:: Information ::
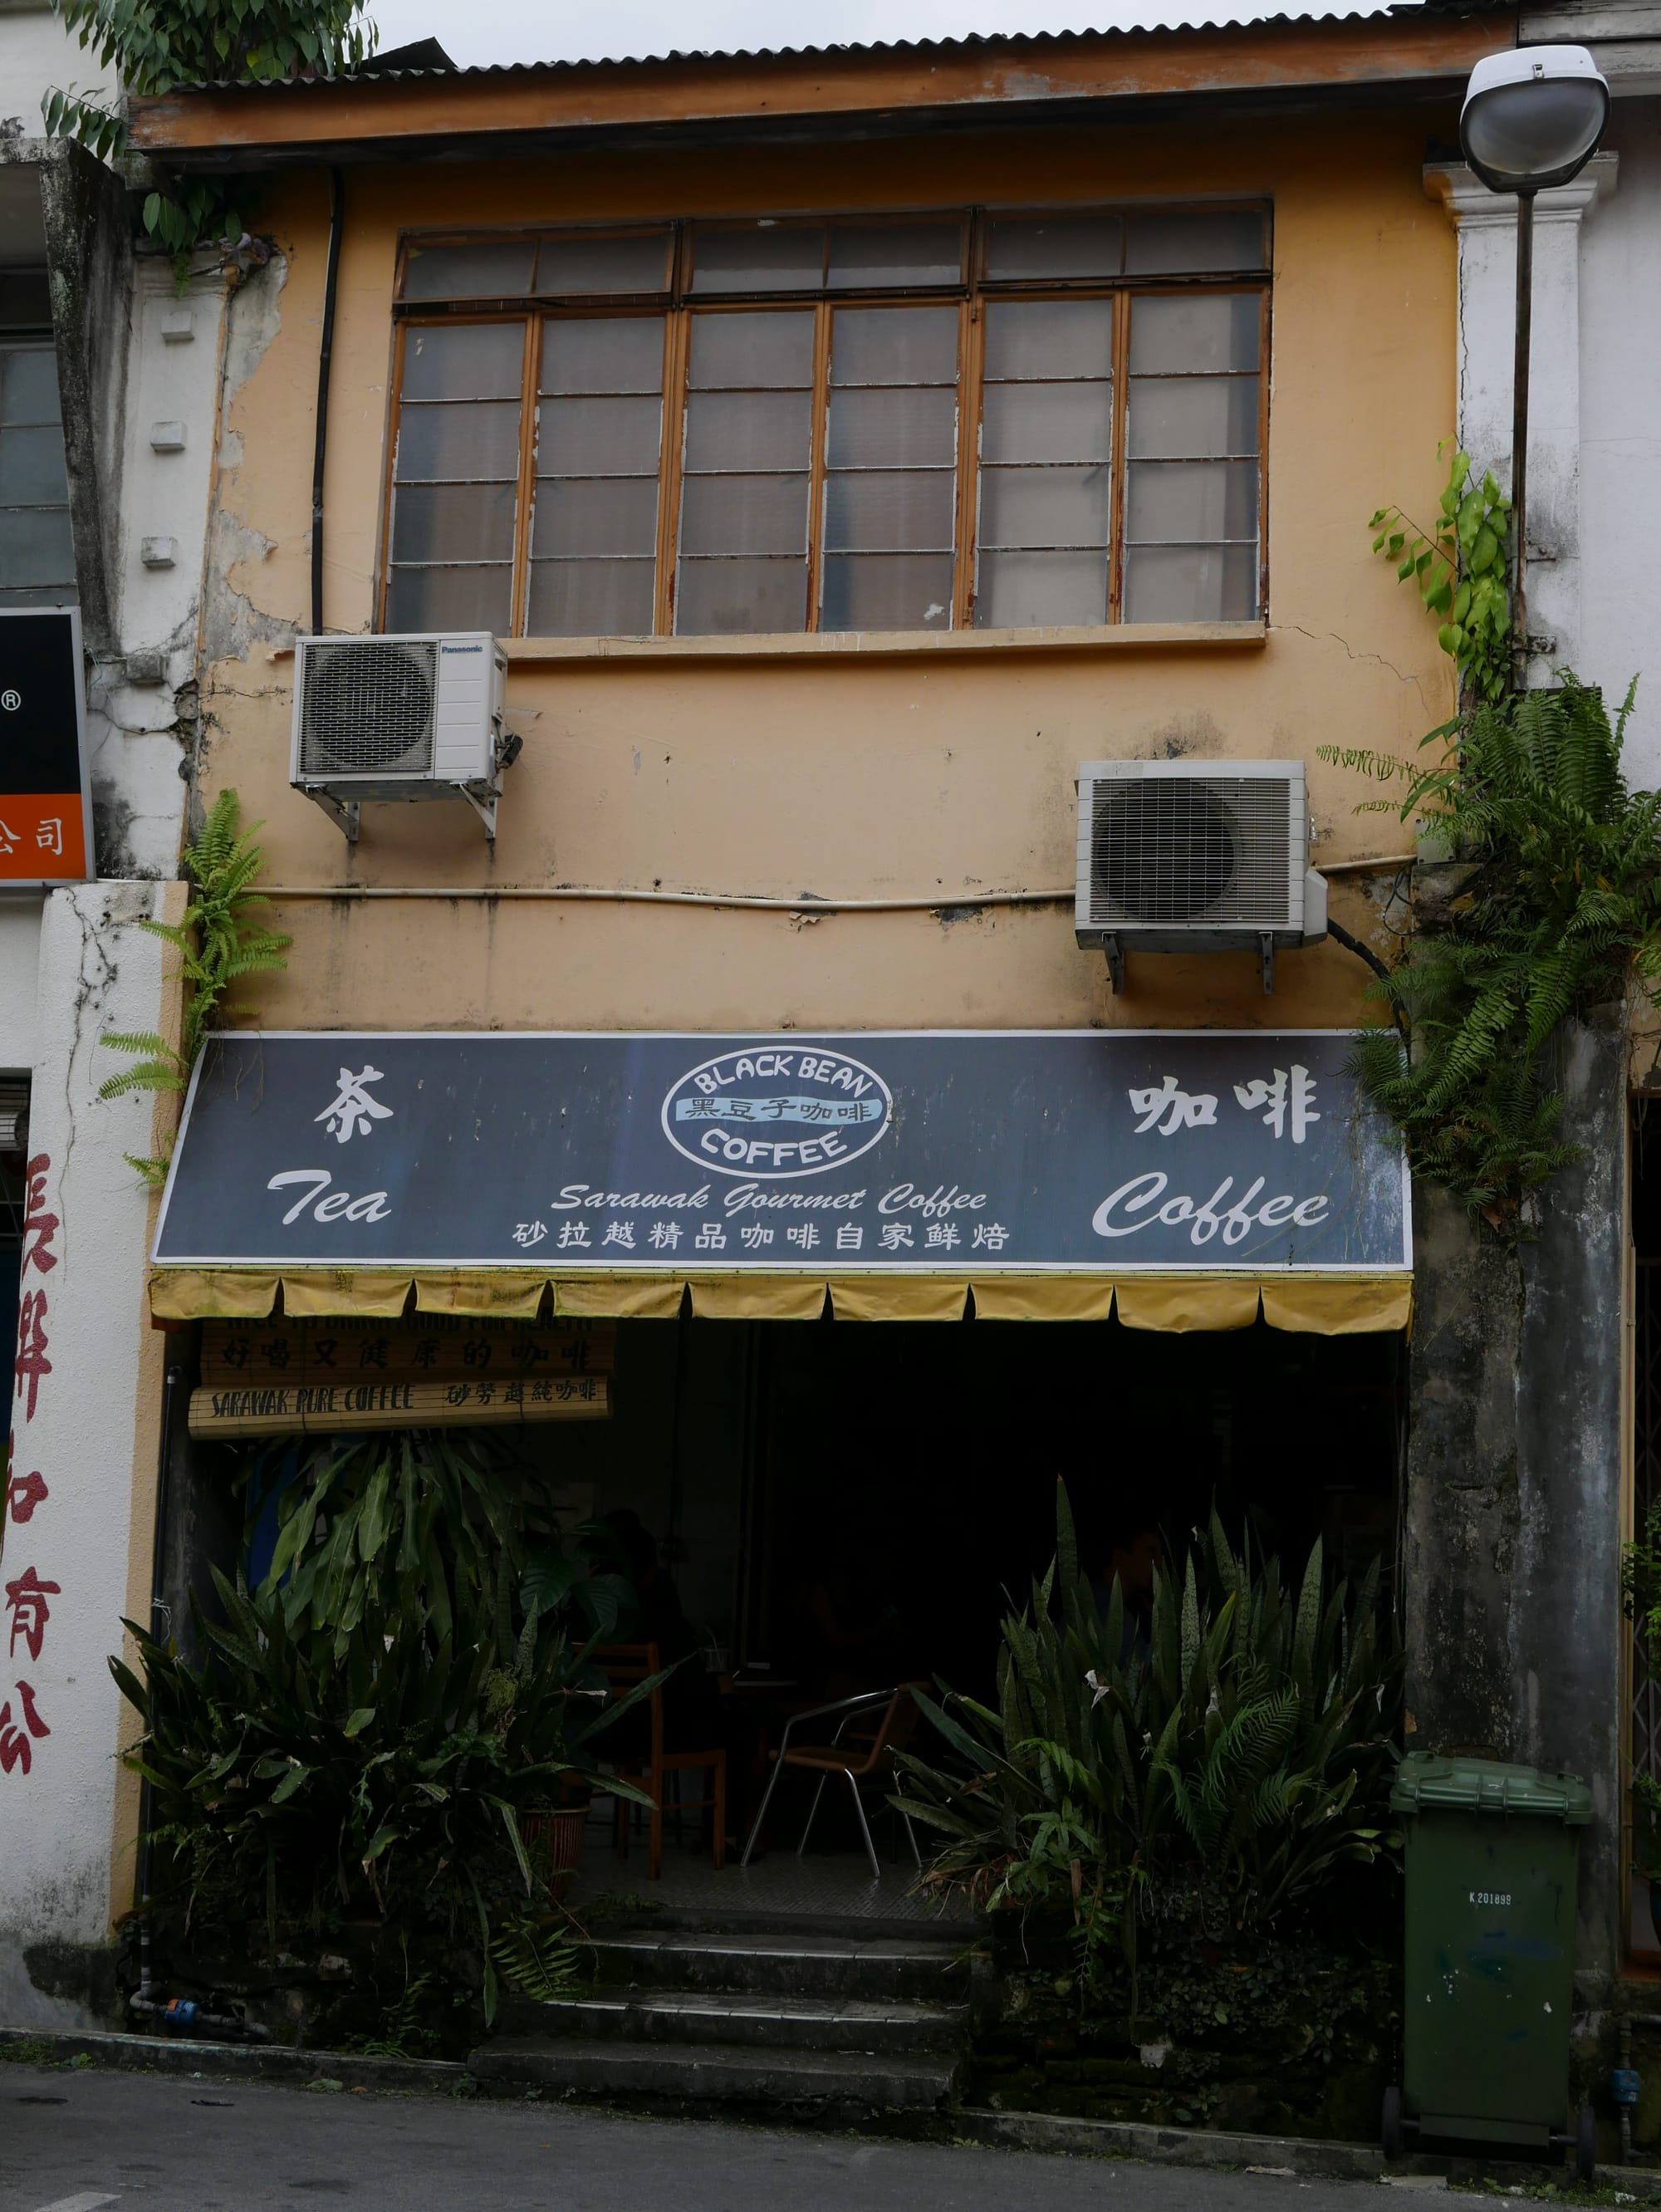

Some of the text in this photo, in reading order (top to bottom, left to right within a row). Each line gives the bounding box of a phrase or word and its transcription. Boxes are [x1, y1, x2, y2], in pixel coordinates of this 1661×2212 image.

[441, 645, 483, 654] Panasonic
[693, 1055, 873, 1098] BLACK BEAN
[313, 1064, 394, 1144] 茶
[684, 1098, 873, 1121] 黑豆子咖啡
[1128, 1064, 1321, 1144] 咖啡
[700, 1127, 848, 1166] COFFEE
[267, 1169, 393, 1225] Tea
[551, 1183, 987, 1219] Sarawak Gourmet Coffee
[1091, 1171, 1330, 1246] Coffee
[511, 1220, 1011, 1251] 砂拉越精品咖啡自家鲜焙
[211, 1382, 414, 1418] SARAWAK PURE COFFEE
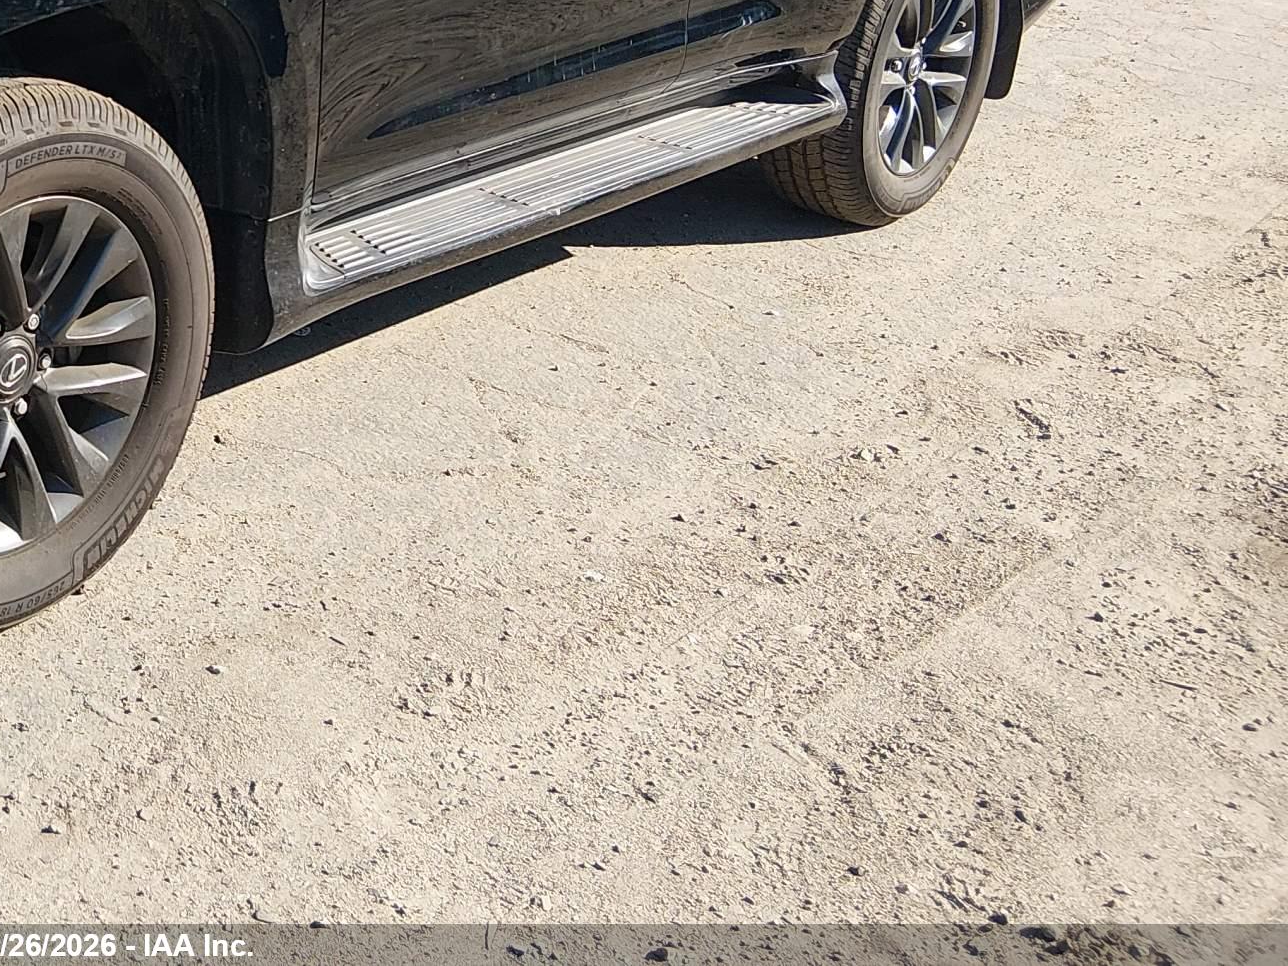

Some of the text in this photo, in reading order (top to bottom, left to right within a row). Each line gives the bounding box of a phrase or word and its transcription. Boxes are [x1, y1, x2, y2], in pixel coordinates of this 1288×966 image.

[14, 145, 73, 170] DEFENDER
[74, 144, 97, 156] LTX
[0, 606, 12, 618] 18
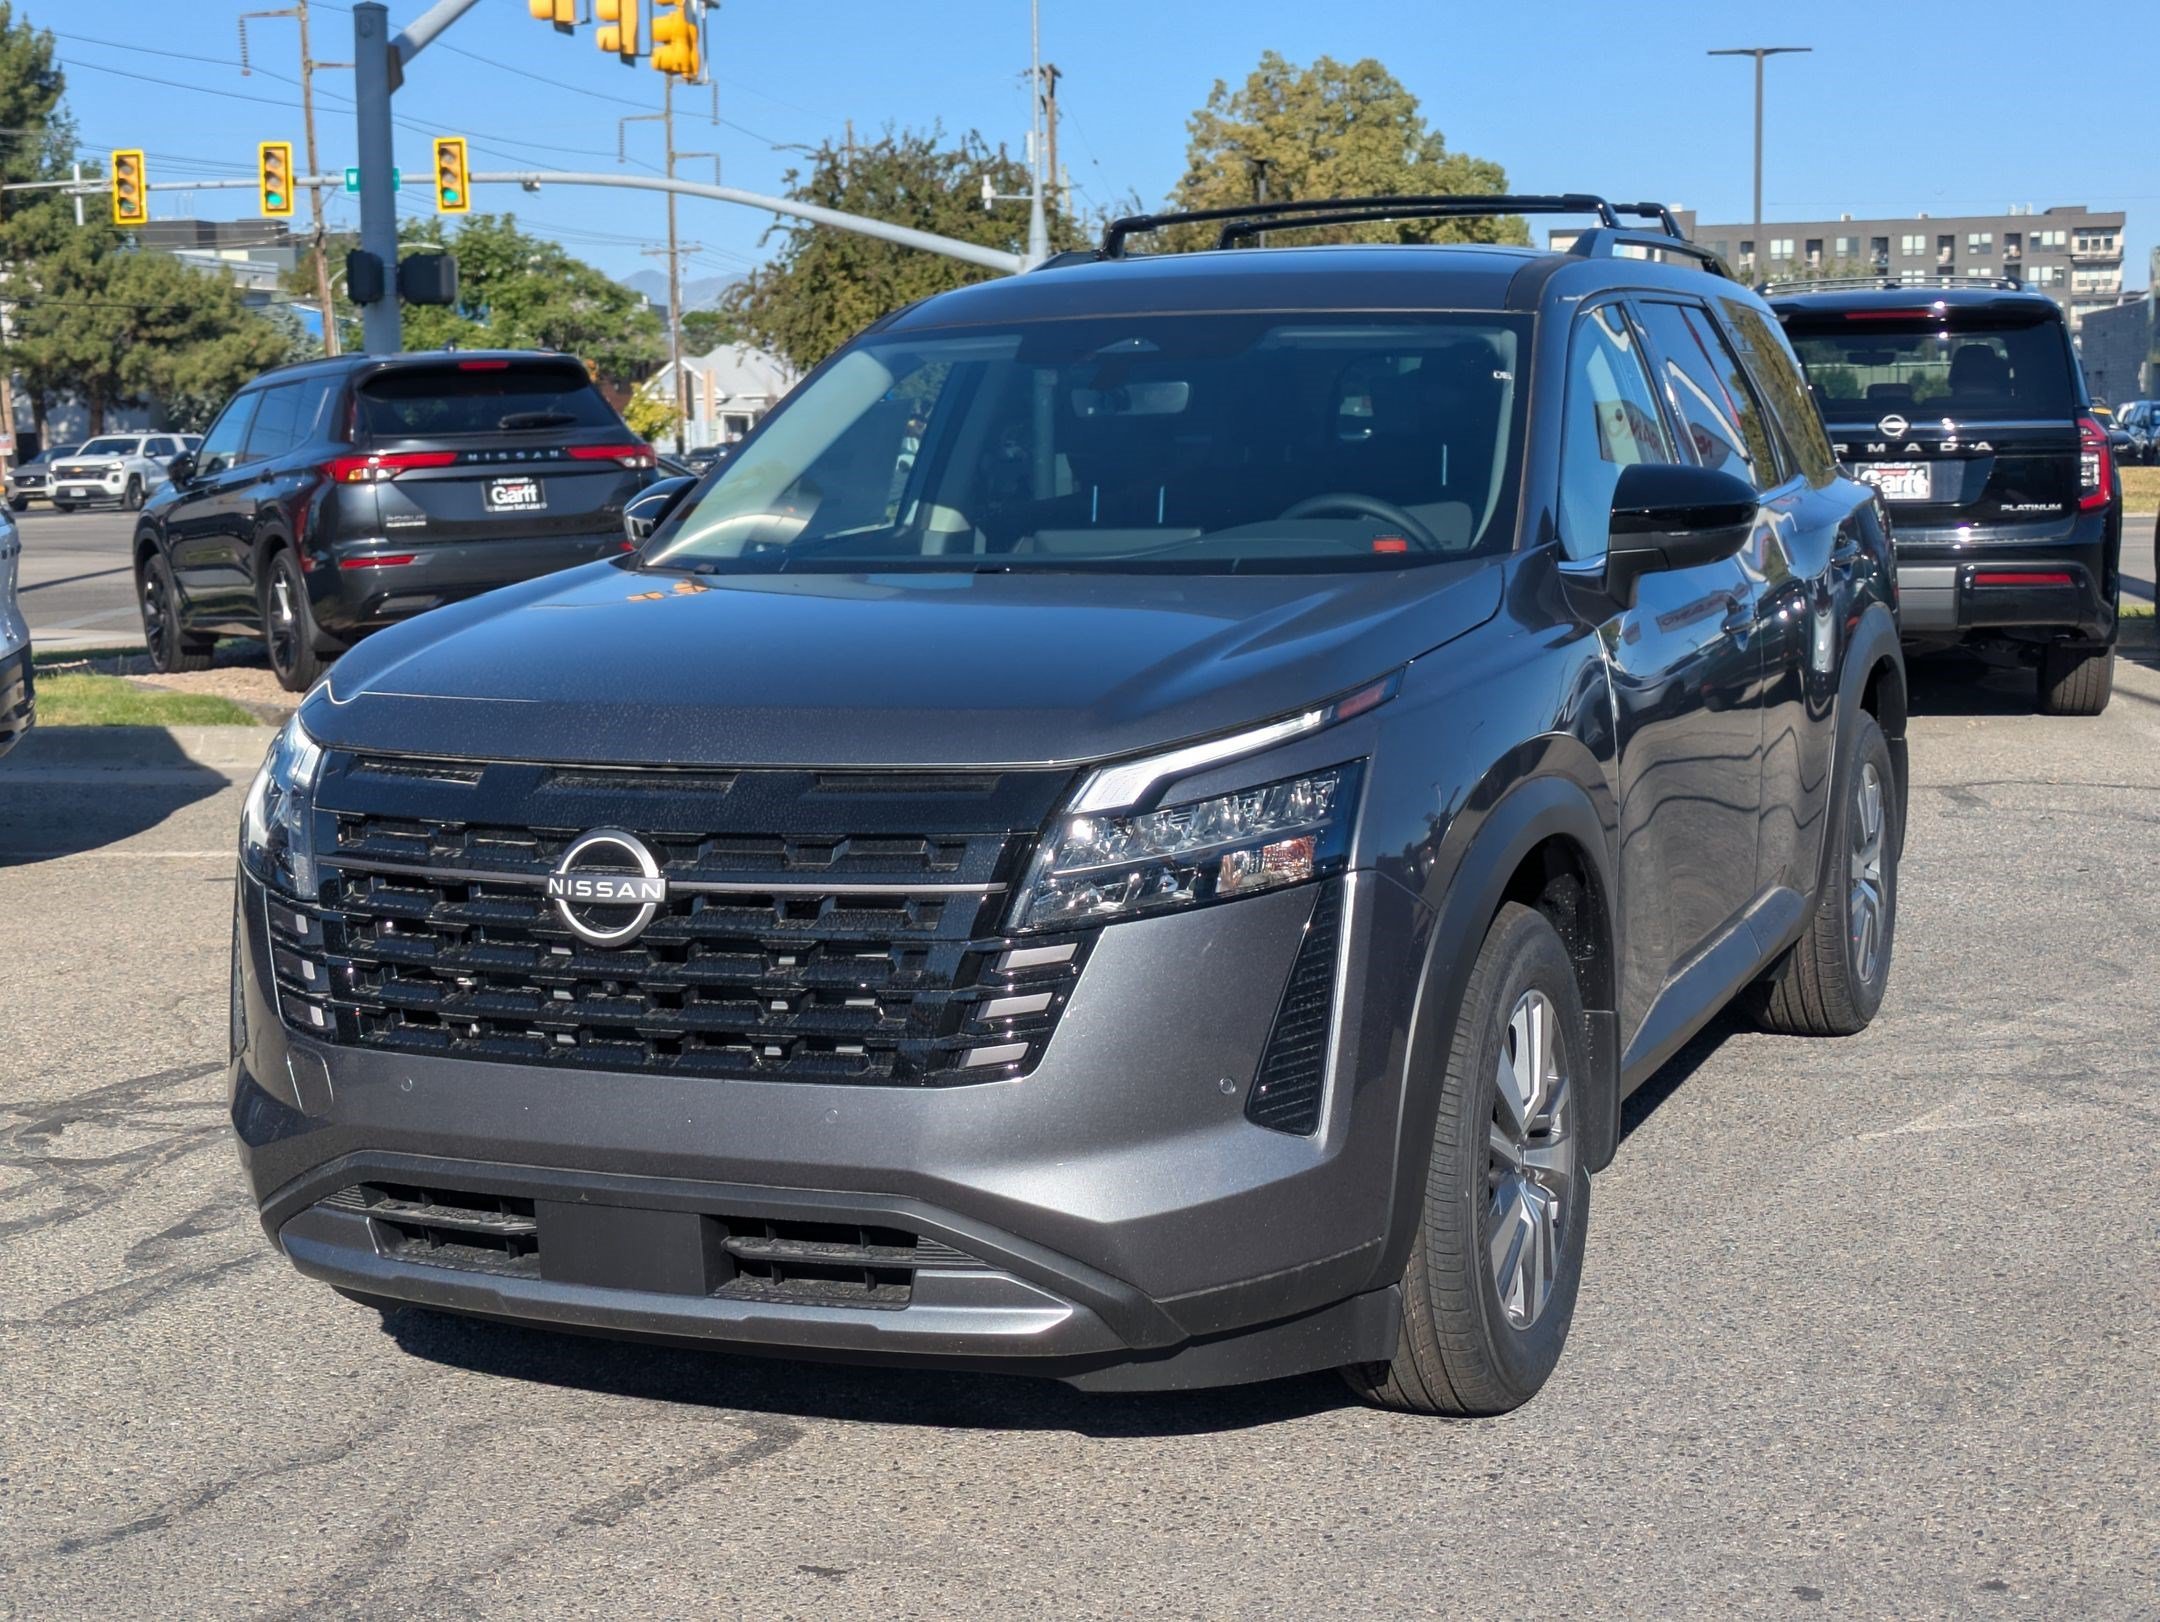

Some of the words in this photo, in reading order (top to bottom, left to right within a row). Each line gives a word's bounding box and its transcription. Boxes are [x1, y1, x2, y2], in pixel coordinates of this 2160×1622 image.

:: Assignment ::
Restate each entry word for word; pictures stay out of the copy.

:: Your response ::
Some of the text in this photo, in reading order (top to bottom, left to right within a row). Each line gives the bounding box of a phrase or word and its transcription. Boxes are [x1, y1, x2, y2], in pixel coordinates of this 1661×2212 image.

[441, 645, 483, 654] Panasonic
[693, 1055, 873, 1098] BLACK BEAN
[313, 1064, 394, 1144] 茶
[684, 1098, 873, 1121] 黑豆子咖啡
[1128, 1064, 1321, 1144] 咖啡
[700, 1127, 848, 1166] COFFEE
[267, 1169, 393, 1225] Tea
[551, 1183, 987, 1219] Sarawak Gourmet Coffee
[1091, 1171, 1330, 1246] Coffee
[511, 1220, 1011, 1251] 砂拉越精品咖啡自家鲜焙
[211, 1382, 414, 1418] SARAWAK PURE COFFEE

Some of the text in this photo, in reading order (top to bottom, left to right within a row). Each line gives the bounding box of a phrase or word and its transcription. Boxes are [x1, y1, x2, y2], in pixel coordinates of this 1288×966 image.

[14, 145, 73, 170] DEFENDER
[74, 144, 97, 156] LTX
[0, 606, 12, 618] 18

Some of the words in this photo, in reading order (top to bottom, left to right within a row). Each line gives a word's bounding box and its transcription. Boxes are [x1, y1, x2, y2], in pixel coordinates of this 2160×1622 image.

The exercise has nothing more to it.